Winkleby Lab In the Prevention Research Center

The Stanford Nutrition Action Program: A Dietary Fat Intervention for Low-Literacy Adults

Howard-Pitney B, Winkleby MA, Albright CL, Bruce B, Fortmann SP  "The Stanford Nutrition Action Program: a dietary fat intervention for low-literacy adults."  Am J Public Health 1997;  87:  12:  1971-6:

Abstract overview:

     This study examines the effectiveness of The Stanford Nutrition Action program (SNAP) curriculum in lowering the dietary fat intake among low-income adults who have low literacy skills.

     As the American population becomes more and more diverse it can be hard to identify subgroups that may be at high risk for cardiovascular disease. One group at risk are adults with limited literacy abilities, and it is estimated that as many as 90 million or 48 percent of Americans fall into this category. Traditionally, low literacy rates have been positively correlated with lower education levels, income levels and occupational status, all of which are predictors of cardiovascular disease risk factors.

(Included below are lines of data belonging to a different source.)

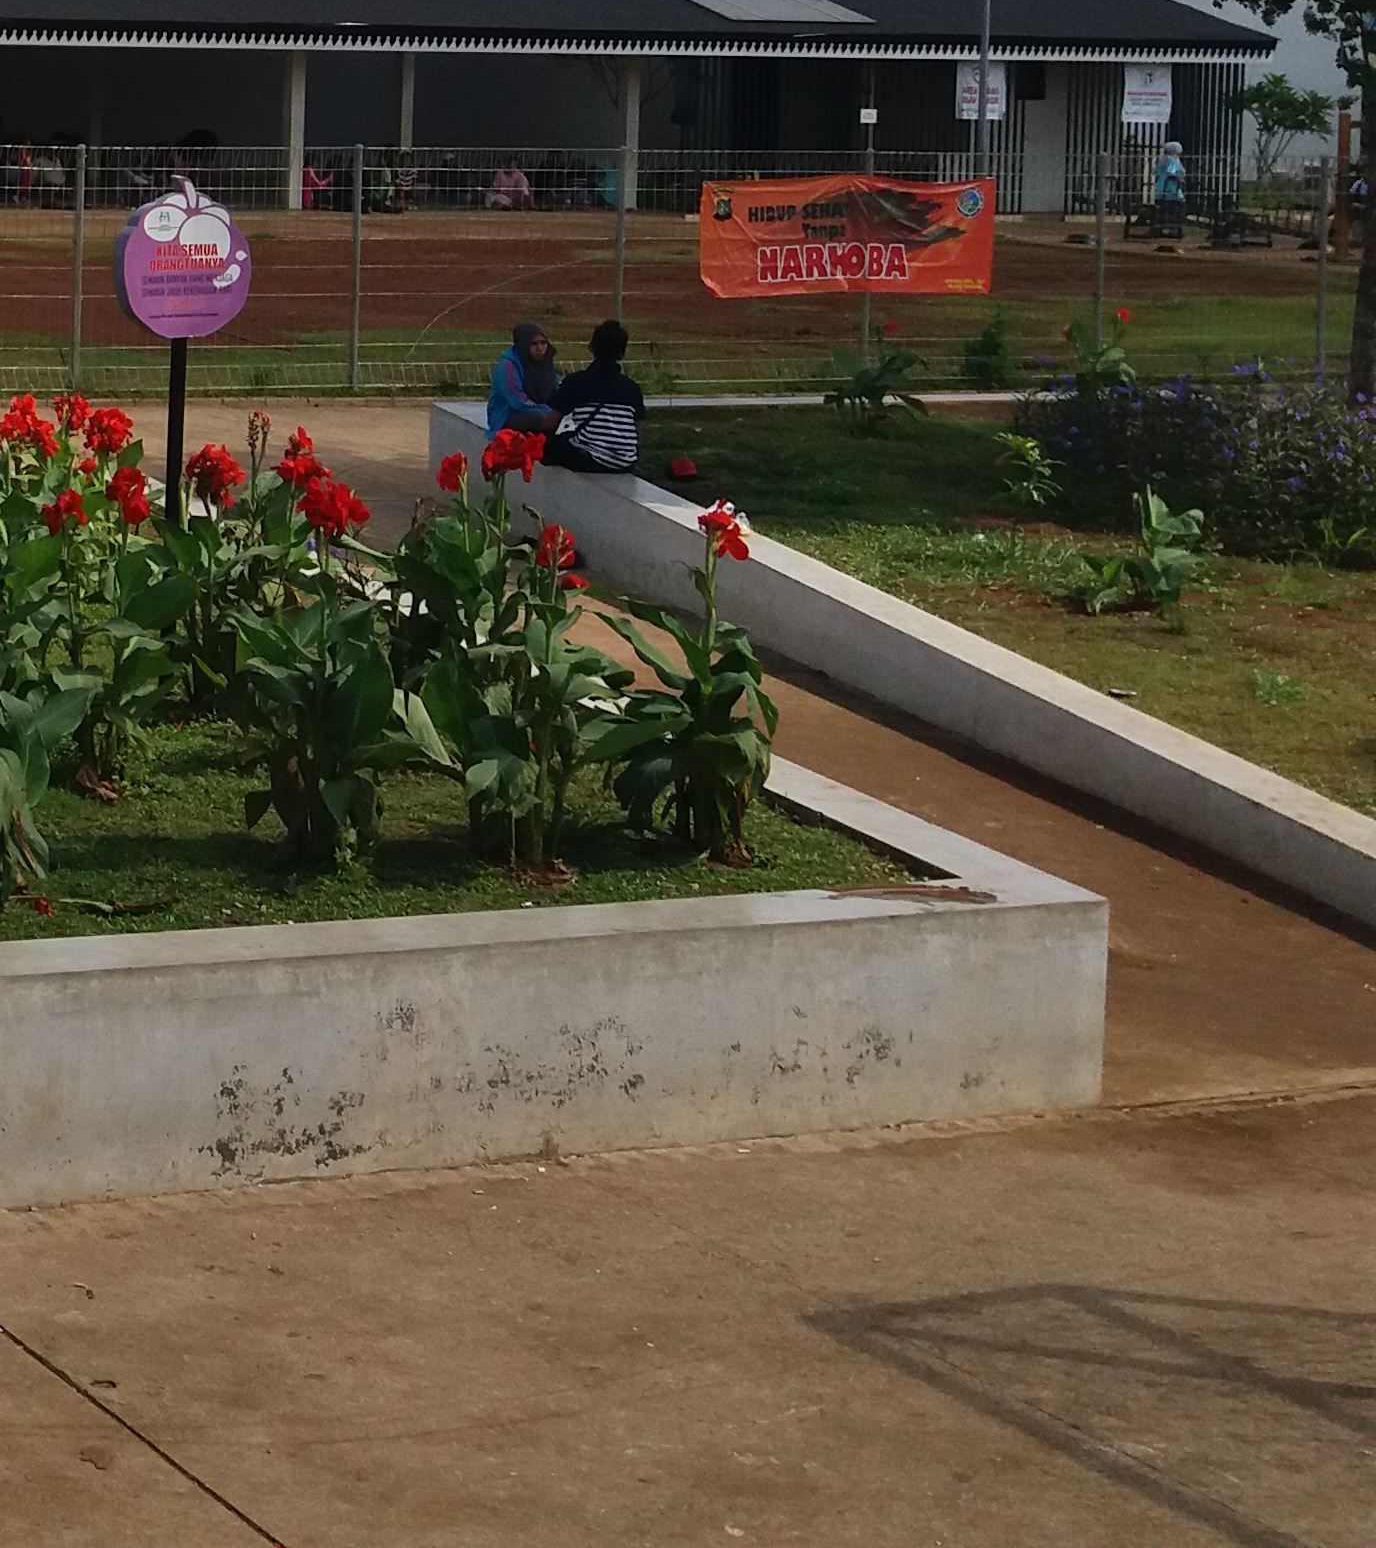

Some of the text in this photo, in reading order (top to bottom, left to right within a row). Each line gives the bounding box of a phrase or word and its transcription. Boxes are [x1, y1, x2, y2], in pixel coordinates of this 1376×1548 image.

[748, 205, 796, 223] HIDUP
[802, 223, 845, 241] Tanpa
[156, 243, 218, 257] KITA SEMUA
[150, 258, 224, 271] ORANGTUANYA
[757, 242, 909, 284] NARKOBA
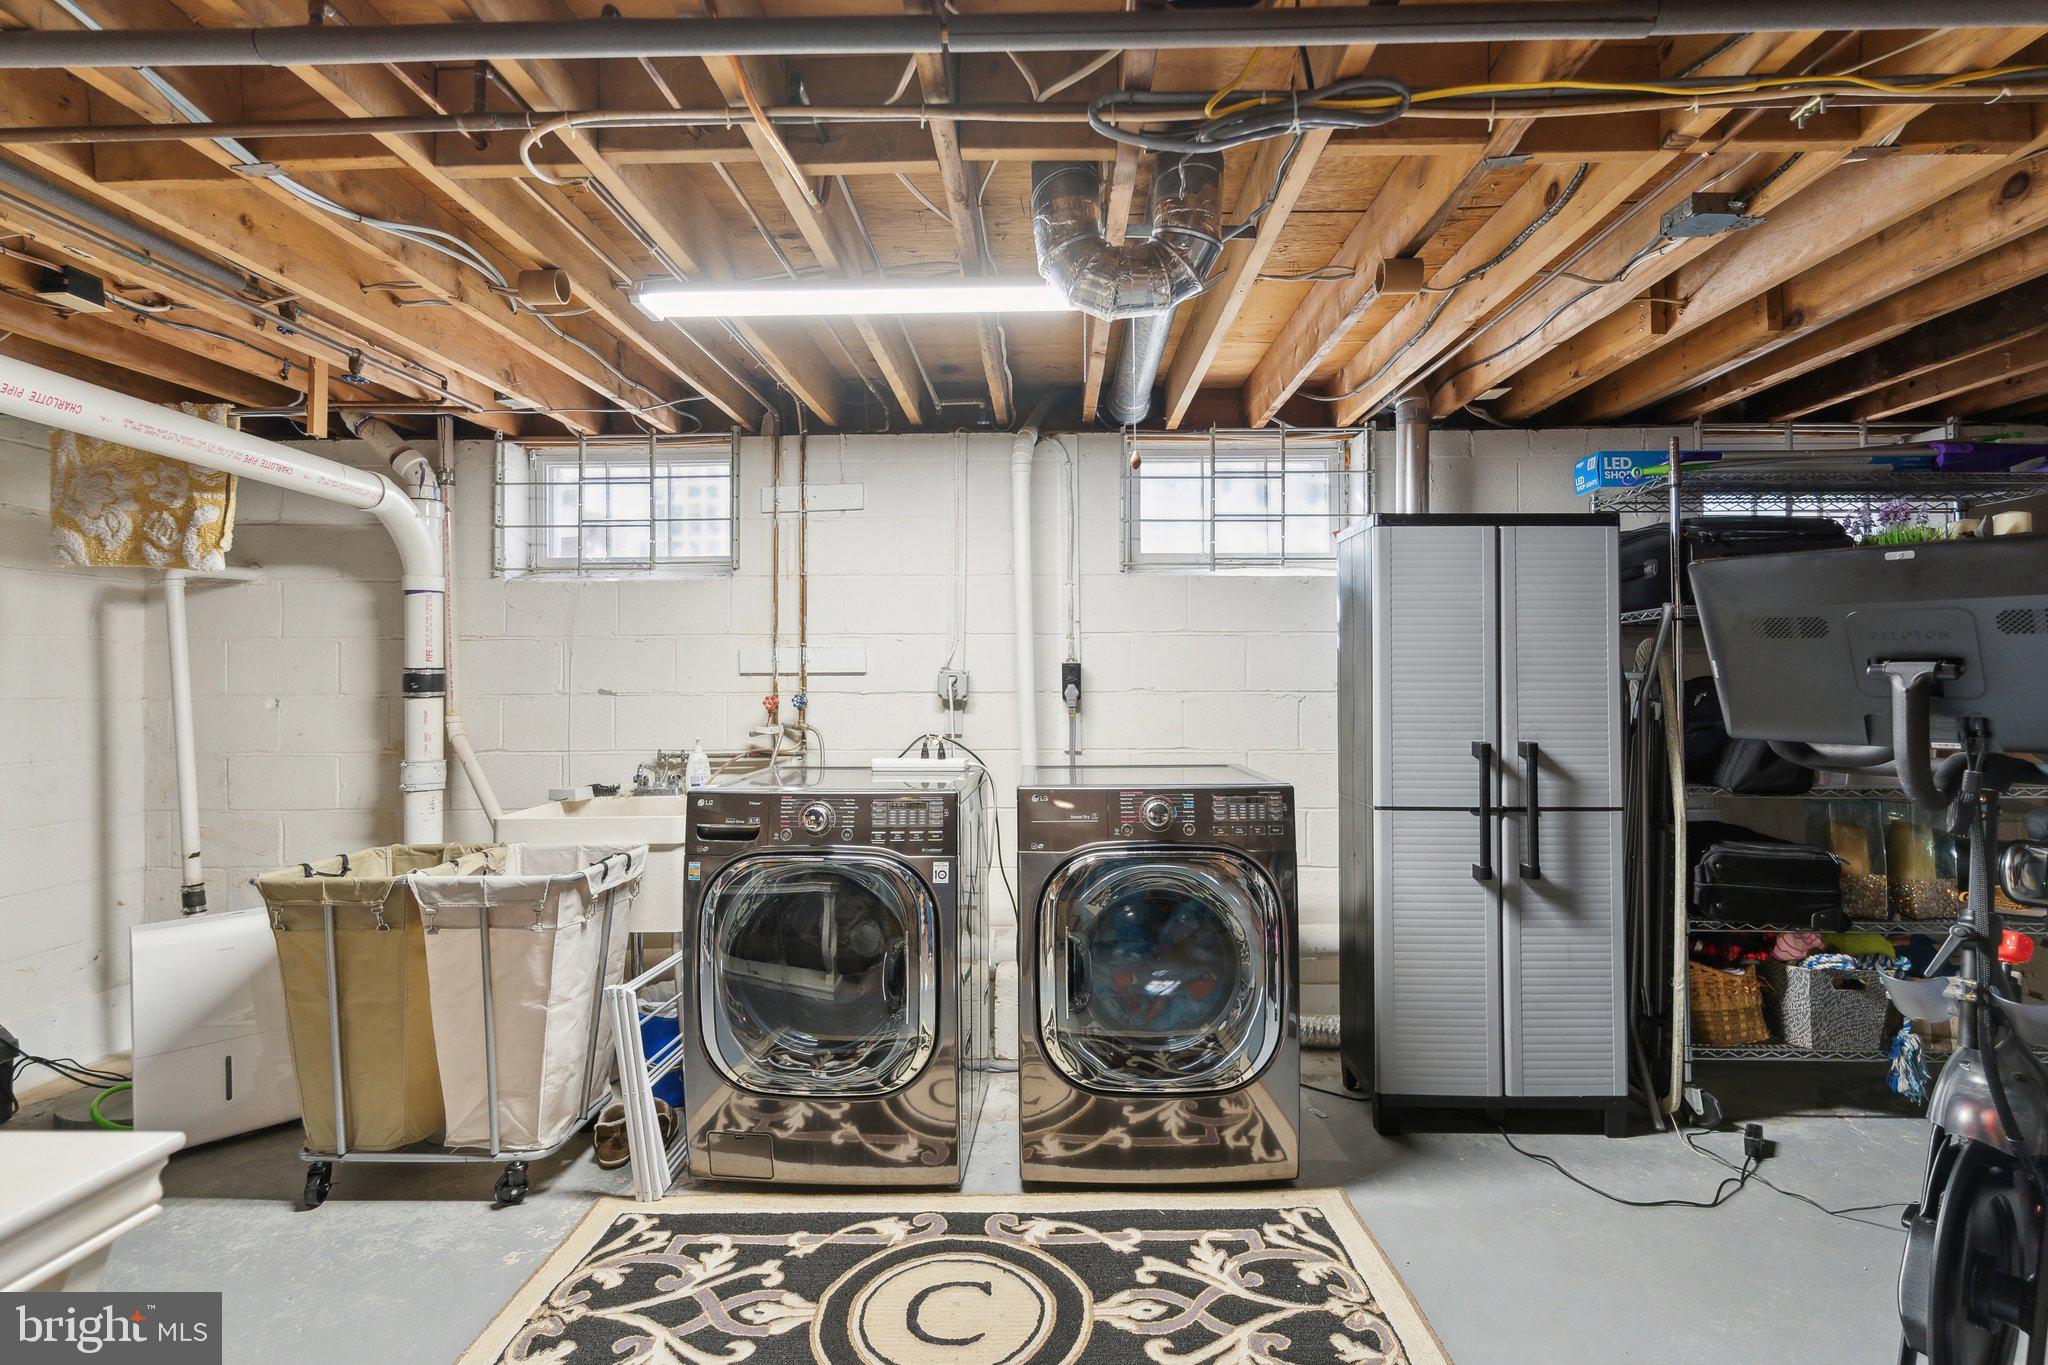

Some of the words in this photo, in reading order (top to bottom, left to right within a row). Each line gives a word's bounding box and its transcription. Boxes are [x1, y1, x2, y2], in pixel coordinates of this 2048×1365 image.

[0, 382, 25, 398] PIPE
[28, 390, 84, 415] CHARLOTTE
[243, 454, 260, 466] PIPE
[259, 459, 294, 476] CHARLOTTE
[1603, 457, 1632, 470] LED
[1574, 475, 1585, 487] LED
[906, 1280, 993, 1347] C

     This study compares the effectiveness of the SNAP classroom-based nutrition curriculum with another curriculum that was designed for low-income people, but that was not necessarily tailored to low-literacy adults. The SNAP materials use methods especially developed for adults with low literacy skills and consider principles of social learning theory and adult learning into the curriculum.

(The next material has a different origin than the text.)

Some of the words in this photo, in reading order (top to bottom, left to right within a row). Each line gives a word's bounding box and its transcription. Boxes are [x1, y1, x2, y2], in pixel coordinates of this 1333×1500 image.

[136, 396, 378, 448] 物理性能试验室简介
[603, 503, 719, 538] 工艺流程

     More than 350 participants attended 24 classes that were randomized in the study. Eighty percent of the participants were women, and follow-up participation was strong: Seventy-nine percent of participants completed the baseline and first follow-up measurement. That number only fell by ten percent (to 69%) for participants who completed all three follow-up measurements.

     The SNAP intervention consisted of a 6-week classroom-based curriculum that targeted low-fat eating guidelines and featured a goal-setting component. Very few written materials were used in the classroom, with much emphasis on an interactive learning environment. A 12-week maintenance period followed that included contact with participants by telephone or mail. These contacts were made by SNAP teachers and research assistants and were designed to provide support and encouragement to participants.

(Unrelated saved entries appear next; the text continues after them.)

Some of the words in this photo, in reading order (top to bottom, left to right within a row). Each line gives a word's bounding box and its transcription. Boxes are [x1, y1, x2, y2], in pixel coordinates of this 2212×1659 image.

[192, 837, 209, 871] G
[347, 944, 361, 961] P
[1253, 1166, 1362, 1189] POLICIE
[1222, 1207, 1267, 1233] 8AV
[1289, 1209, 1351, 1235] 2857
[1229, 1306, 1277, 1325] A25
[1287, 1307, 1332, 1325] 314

     By contrast, the General Nutrition Intervention consisted mostly of lectures, a review of class handouts and recipes and the preparation of a recipe for the class to sample.

     At three different times in the study data were collected from the participants in the form of a questionnaire developed for lower reading levels. Questionnaires were collected when the participants first started the program (baseline), one week after finishing the classroom portion of the intervention (first follow-up), and one week after the maintenance portion of the intervention (second follow-up). Approximately 5 months lapsed between the baseline and second follow-up data collection.

     This study finds that the SNAP classes demonstrated greater improvement in nutrition knowledge, attitudes, and self-efficacy than those participants who only took part in the General Nutrition curriculum. SNAP participants also showed greater reductions in the amount of total fat and saturated fat that they consumed in their diets. Eight weeks after baseline data were assessed, the SNAP group showed a four percent reduction in the calories from total fat that they consumed. By contrast, the General Nutrition Intervention participants showed a one percent reduction in total fat consumed when assessed at the same time.

     Perhaps the most promising news is that all the positive intervention effects in the SNAP group were maintained for three months after the intervention was completed.

Secondary findings of the study:

    There were no significant differences in body mass index or blood cholesterol between the SNAP participants and the General Nutrition Intervention participants. Because this study only followed participants for three months, it is not surprising that these two physiological measures showed no change. SNAP curriculum emphasized eating less fat, but did not significantly address eating fewer calories or exercising.

Implications and recommendations from the study:

     This study demonstrates the need for appropriate health education materials for the millions of adults in the United States with low literacy skills. Community-based programs and health professionals who serve these populations might do well to incorporate culturally sensitive materials aimed at low-literacy learning into their programs. Additionally, the goal-setting aspect of each SNAP classroom lesson was very important to achieving behavioral change. And the follow-up support through phone calls and mail may explain how participants maintained the high level of change that they made during the classroom phase of the study.